Elaerts J, Auloge J P, Blaise C, Carette B, Hécart J, Ostermann G, Bajolet A
Arch Mal Coeur Vaiss. 1982 Sep;75(9):1085-92.
The extent of coronary artery disease after primary myocardial infarction is an important prognostic factor. The predictive value of exercise electrocardiography for multivessel disease was assessed by comparison with coronary angiography in a series of 100 patients. In the group of patients with primary anterior infarction (n = 48), 37.5% had positive exercise ECGs. Coronary angiography showed 62.5% single vessel disease. In multivessel disease, the sensitivity of exercise ECG was 78% and specificity 86%. The predictive value of a positive test was 78% and, for a negative test, 86%. In primary inferior infarction (n = 52), positive exercise ECGs were recorded in 48% of cases. Coronary angiography showed 48% multivessel disease. In multivessel disease, sensitivity of exercise ECG was 92% ans specificity 93%. The predictive value of a positive test was 92% and of a negative test, 93%. Therefore, exercise ECG gives a more precise prediction of the extent of coronary artery disease after primary inferior infarction than after primary anterior infarction. However, it is not an ideal guide for the choice of patient for coronary angiography because of its poor predictive value in cases of anterior infarction, and because of the high incidence of multivessel disease in patients with primary inferior infarcts. Nevertheless, it is of great prognostic value with regards to the eventual course of the coronary disease.

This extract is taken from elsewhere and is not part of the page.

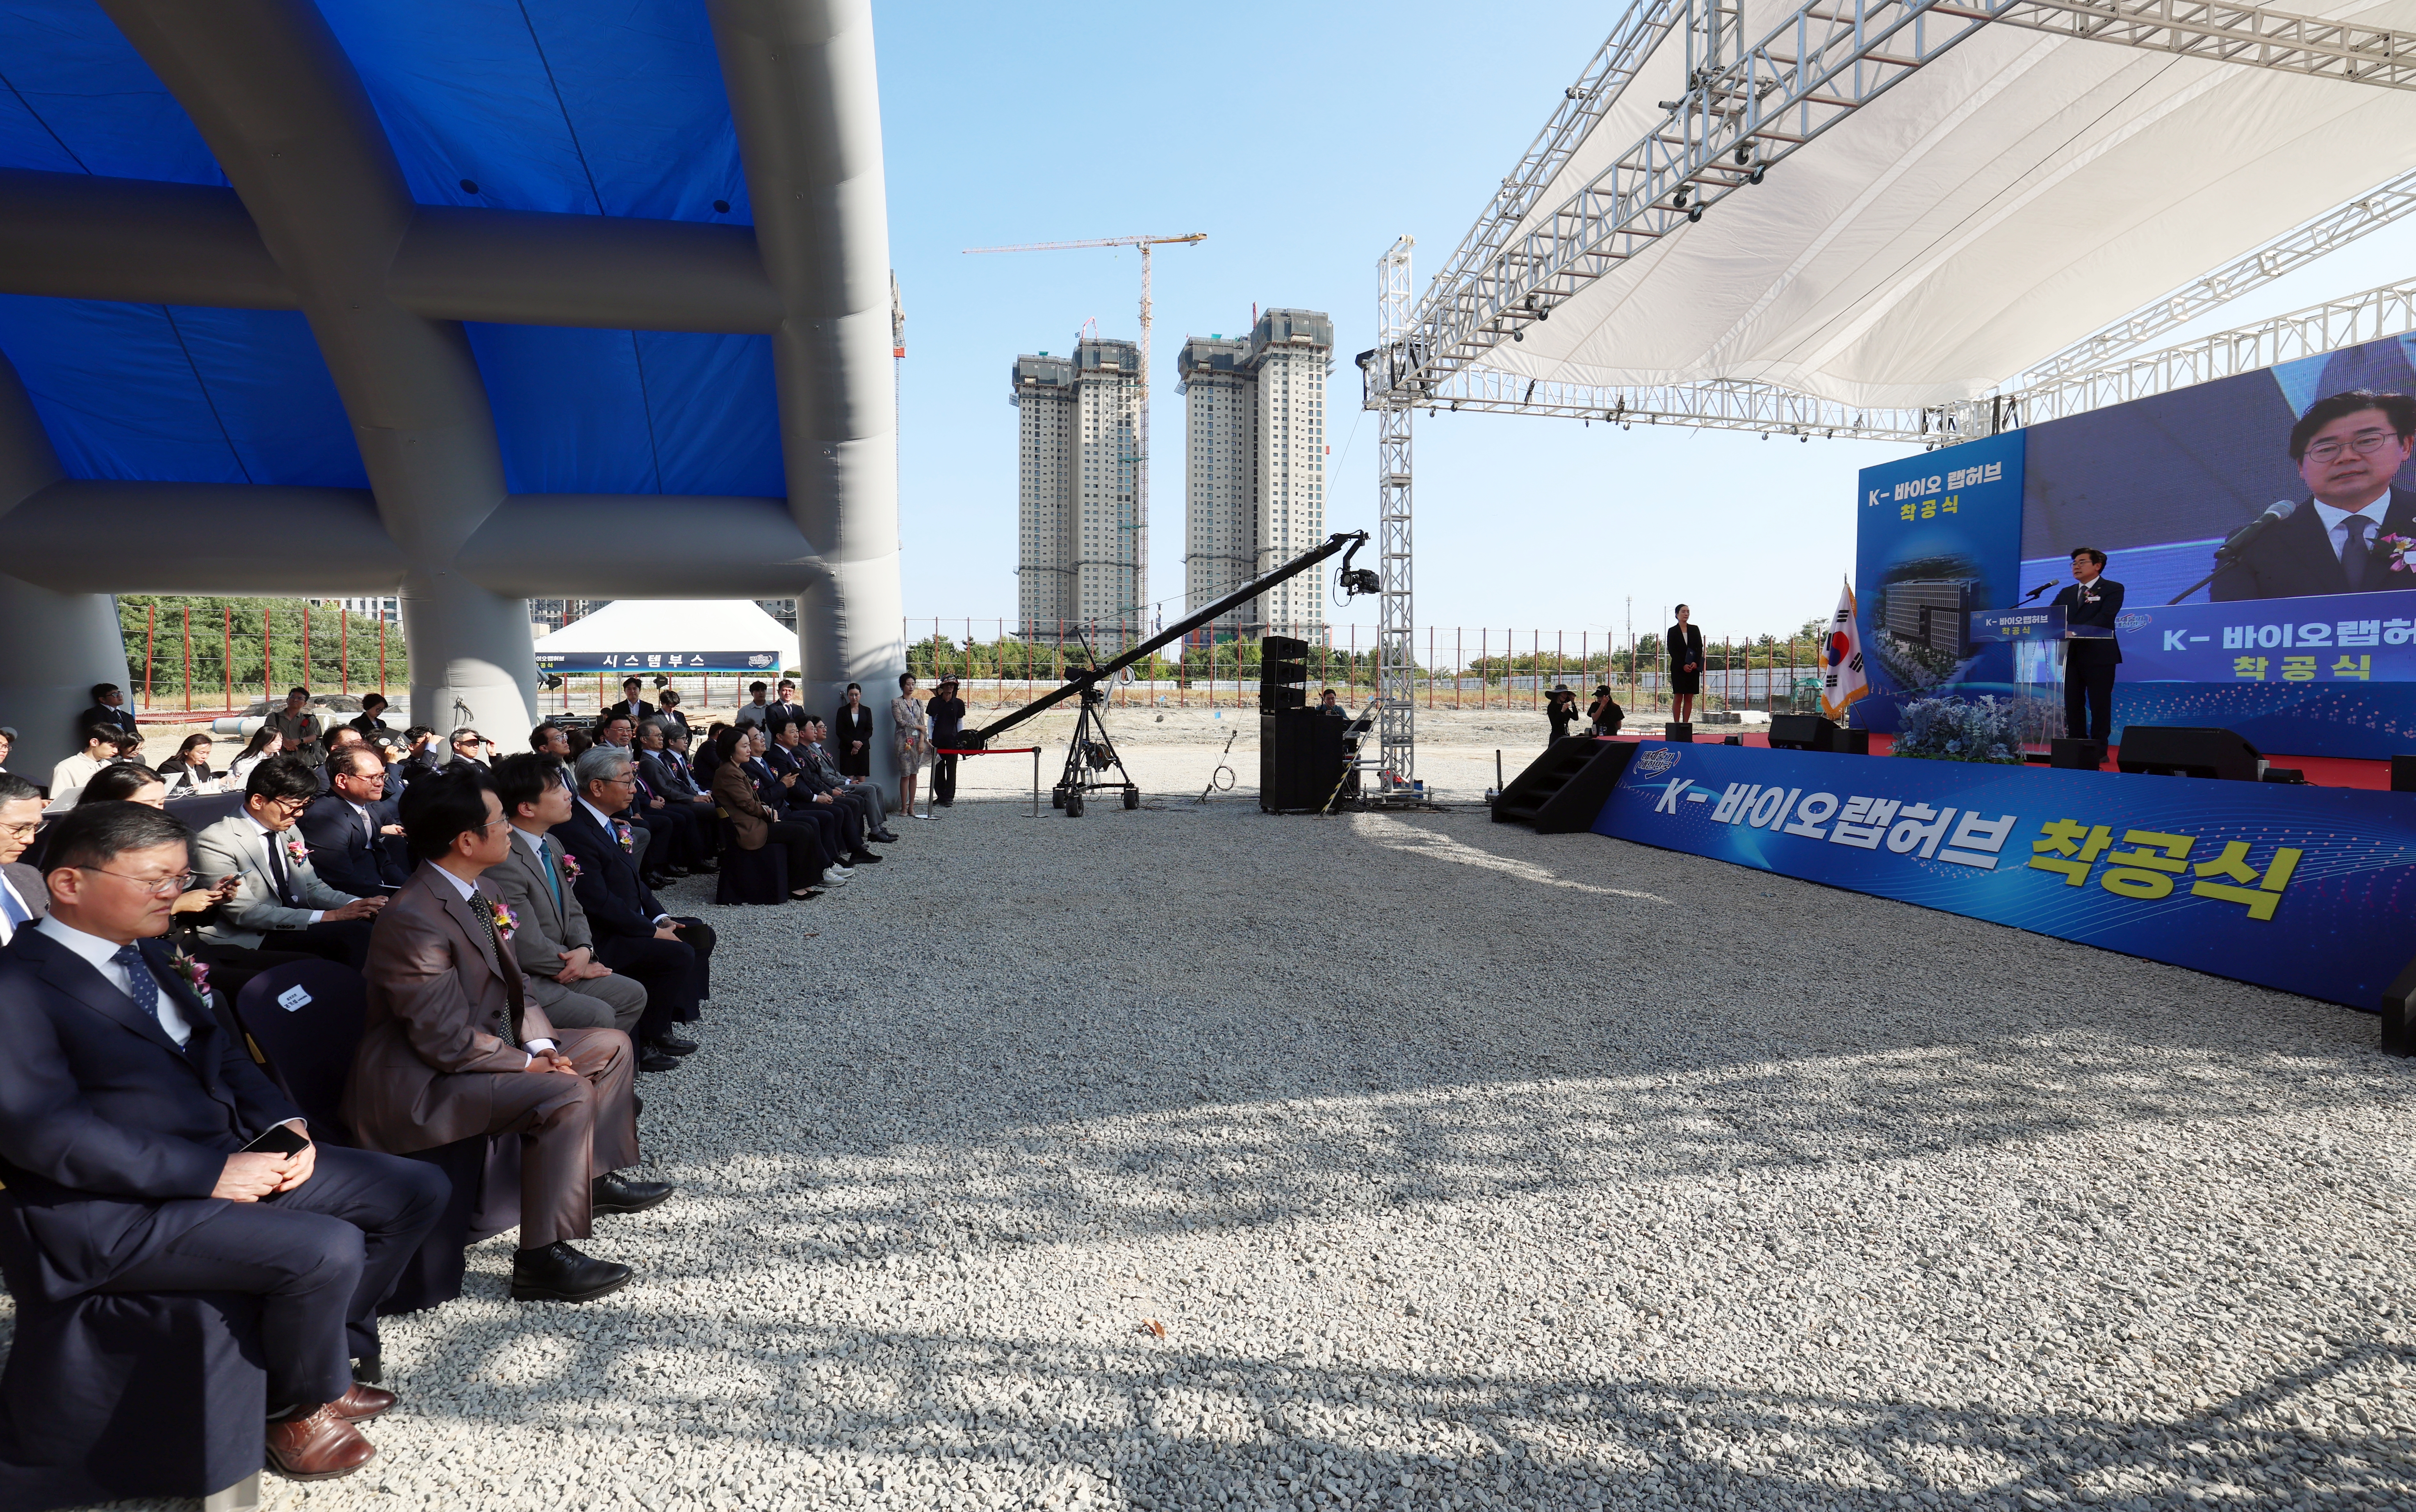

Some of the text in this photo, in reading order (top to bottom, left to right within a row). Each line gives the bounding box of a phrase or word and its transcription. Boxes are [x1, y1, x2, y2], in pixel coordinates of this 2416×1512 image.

初次心肌梗死后冠状动脉疾病的程度是一个重要的预后因素。通过与冠状动脉造影术对比,在100例患者中评估了运动心电图对多支血管病变的预测价值。在初次前壁梗死患者组(n = 48)中,37.5%运动心电图呈阳性。冠状动脉造影显示62.5%为单支血管病变。在多支血管病变中,运动心电图的敏感性为78%,特异性为86%。阳性检查的预测价值为78%,阴性检查的预测价值为86%。在初次下壁梗死患者组(n = 52)中,48%的病例运动心电图呈阳性。冠状动脉造影显示48%为多支血管病变。在多支血管病变中,运动心电图的敏感性为92%,特异性为93%。阳性检查的预测价值为92%,阴性检查的预测价值为93%。因此,与初次前壁梗死后相比,运动心电图对初次下壁梗死后冠状动脉疾病的程度能给出更精确的预测。然而,由于其在前壁梗死病例中的预测价值较差,且初次下壁梗死患者多支血管病变的发生率较高,所以它并非冠状动脉造影患者选择的理想指导方法。尽管如此,它对于冠状动脉疾病的最终病程具有重要的预后价值。